> [Task prompt] Take the line containing "Some of the text" and every line after it to the end of the data, and write them out exactly as they appear.

> [Records to use]
--

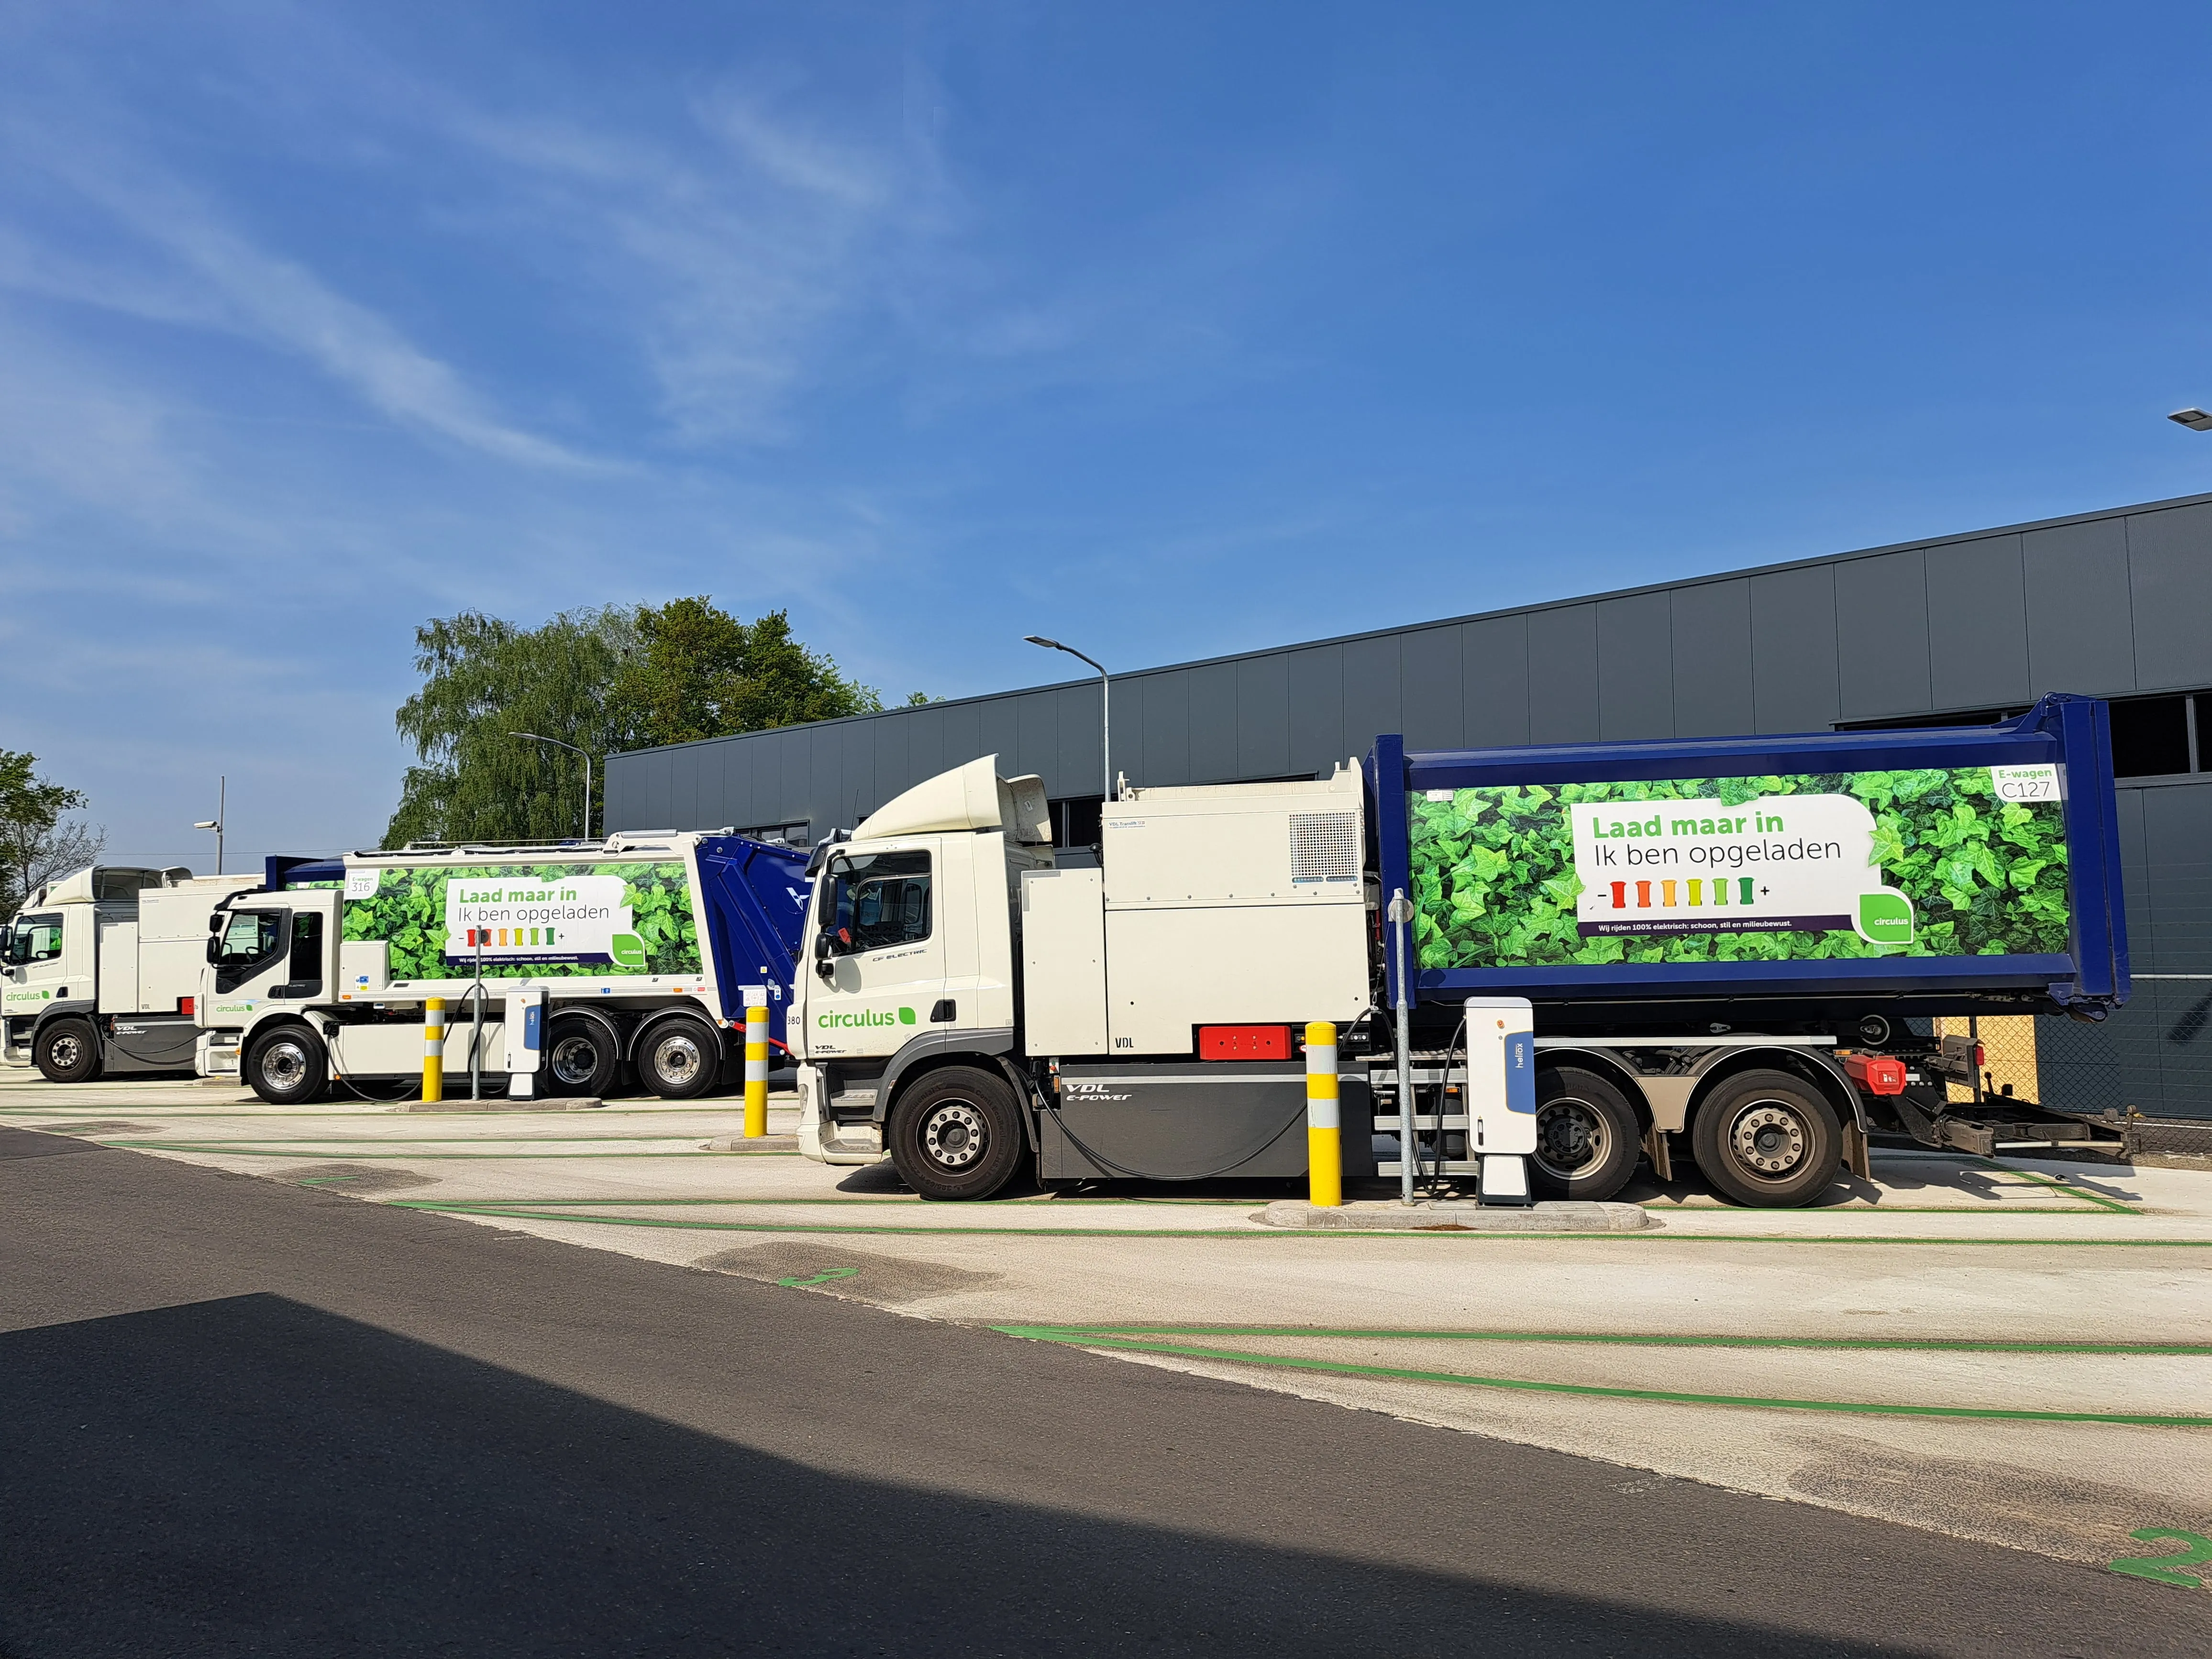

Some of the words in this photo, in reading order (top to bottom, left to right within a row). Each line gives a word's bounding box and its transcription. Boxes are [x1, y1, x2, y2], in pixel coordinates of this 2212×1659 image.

[1998, 770, 2052, 779] E-wagen
[2002, 781, 2050, 798] C127
[1593, 815, 1661, 838] Laad
[1671, 817, 1747, 836] maar
[1755, 811, 1783, 832] in
[1595, 844, 1617, 866] Ik
[1627, 844, 1679, 865] ben
[1689, 838, 1841, 868] opgeladen
[352, 882, 370, 892] 316
[459, 888, 503, 903] Laad
[508, 890, 555, 902] maar
[560, 886, 577, 901] in
[459, 907, 472, 922] Ik
[478, 907, 510, 921] ben
[517, 905, 609, 924] opgeladen
[1874, 917, 1909, 925] circulus
[1611, 924, 1631, 932] rijden
[886, 949, 928, 960] ELECTRIC
[6, 991, 40, 1001] circulus
[216, 1004, 245, 1012] circulus
[787, 1016, 800, 1025] 380
[818, 1008, 895, 1028] circulus
[1115, 1037, 1134, 1048] VDL
[1515, 1043, 1524, 1068] heliox
[1066, 1084, 1110, 1093] VDL
[2108, 1527, 2212, 1589] 2
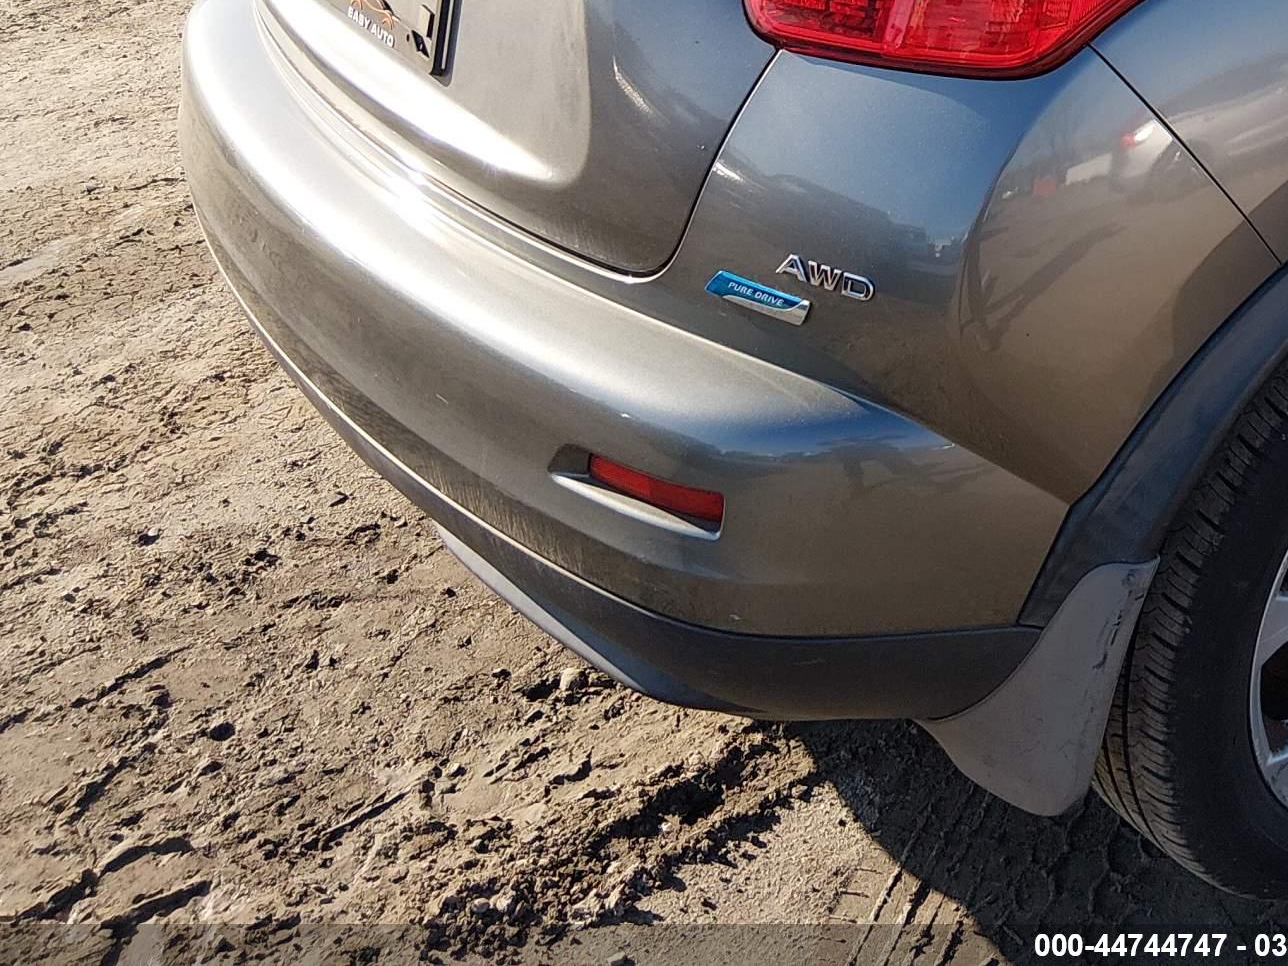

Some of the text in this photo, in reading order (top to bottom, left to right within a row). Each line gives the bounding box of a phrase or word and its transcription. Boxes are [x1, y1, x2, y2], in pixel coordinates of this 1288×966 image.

[347, 6, 396, 48] BABY AUTO
[728, 281, 785, 308] PURE DRIVE
[775, 253, 876, 301] AWD

--

> [Reply to the exercise]
Some of the text in this photo, in reading order (top to bottom, left to right within a row). Each line gives the bounding box of a phrase or word and its transcription. Boxes are [x1, y1, x2, y2], in pixel coordinates of this 1288×966 image.

[347, 6, 396, 48] BABY AUTO
[728, 281, 785, 308] PURE DRIVE
[775, 253, 876, 301] AWD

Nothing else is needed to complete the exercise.